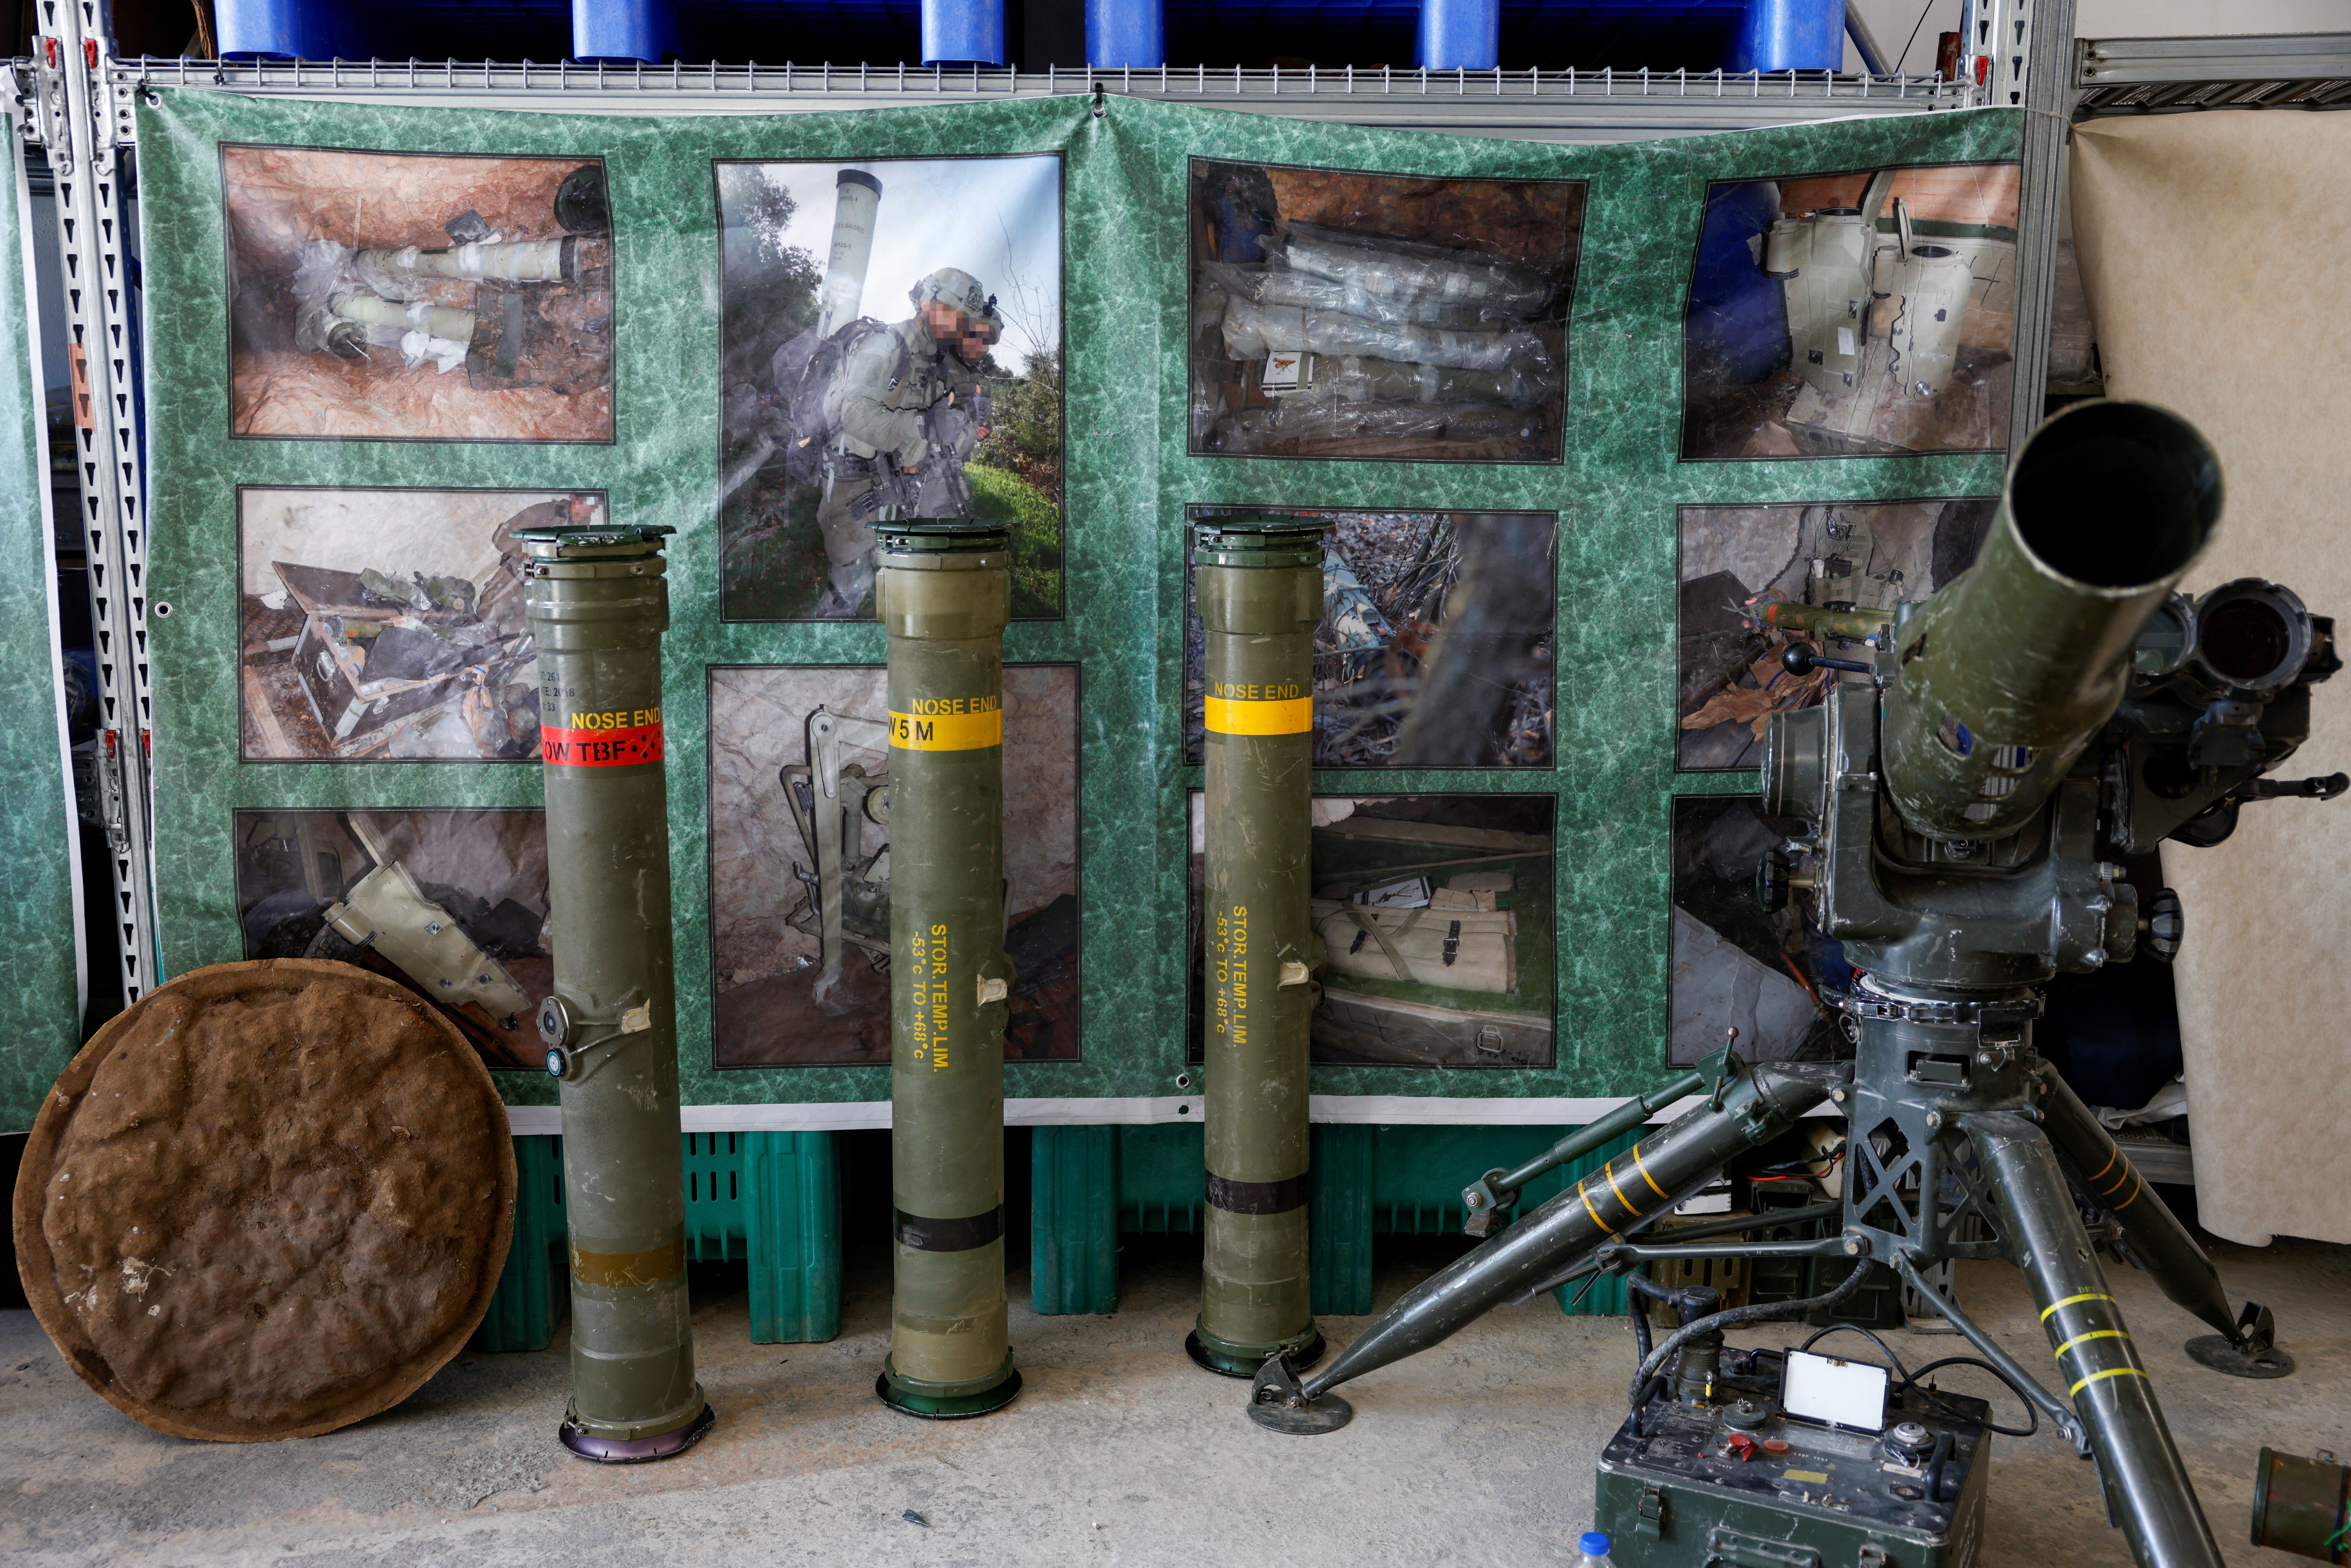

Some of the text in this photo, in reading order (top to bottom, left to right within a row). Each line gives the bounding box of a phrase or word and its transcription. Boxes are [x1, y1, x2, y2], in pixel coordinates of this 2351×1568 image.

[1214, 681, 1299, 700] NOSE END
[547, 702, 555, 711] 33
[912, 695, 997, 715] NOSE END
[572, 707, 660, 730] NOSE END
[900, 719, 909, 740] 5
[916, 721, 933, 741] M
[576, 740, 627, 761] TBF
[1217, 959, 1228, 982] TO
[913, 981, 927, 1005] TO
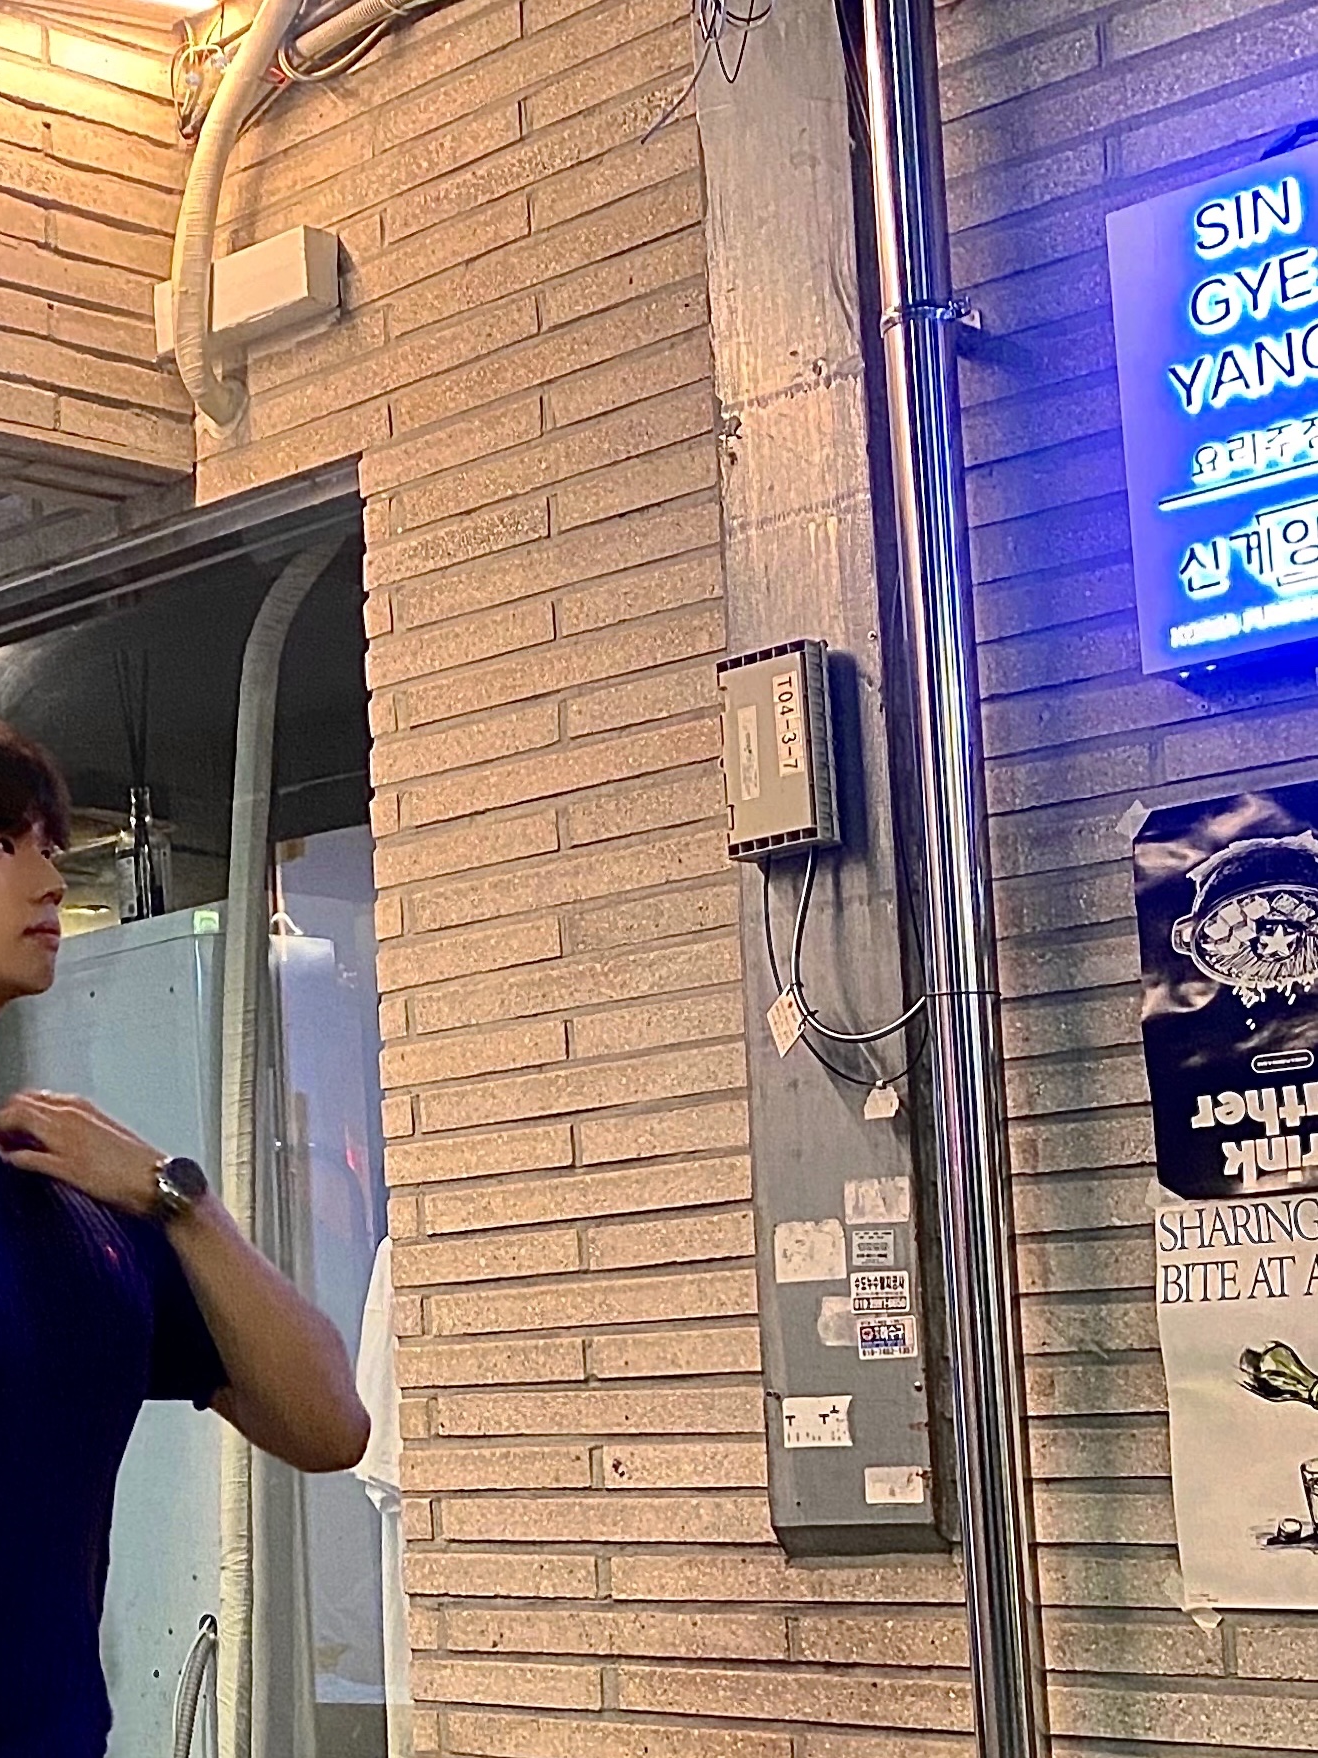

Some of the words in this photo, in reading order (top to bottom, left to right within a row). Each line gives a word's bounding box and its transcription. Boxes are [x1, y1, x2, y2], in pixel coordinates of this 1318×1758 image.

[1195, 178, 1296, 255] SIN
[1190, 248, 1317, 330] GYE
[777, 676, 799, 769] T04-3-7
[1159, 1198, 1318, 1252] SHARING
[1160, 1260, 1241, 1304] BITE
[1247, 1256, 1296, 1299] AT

TASK:
Make an exact copy of the records shown above, without the pictures.

WRITTEN SOLUTION:
Some of the text in this photo, in reading order (top to bottom, left to right within a row). Each line gives the bounding box of a phrase or word and its transcription. Boxes are [x1, y1, x2, y2], in pixel coordinates of this 2351×1568 image.

[1214, 681, 1299, 700] NOSE END
[547, 702, 555, 711] 33
[912, 695, 997, 715] NOSE END
[572, 707, 660, 730] NOSE END
[900, 719, 909, 740] 5
[916, 721, 933, 741] M
[576, 740, 627, 761] TBF
[1217, 959, 1228, 982] TO
[913, 981, 927, 1005] TO

Some of the words in this photo, in reading order (top to bottom, left to right within a row). Each line gives a word's bounding box and its transcription. Boxes are [x1, y1, x2, y2], in pixel coordinates of this 1318×1758 image.

[1195, 178, 1296, 255] SIN
[1190, 248, 1317, 330] GYE
[777, 676, 799, 769] T04-3-7
[1159, 1198, 1318, 1252] SHARING
[1160, 1260, 1241, 1304] BITE
[1247, 1256, 1296, 1299] AT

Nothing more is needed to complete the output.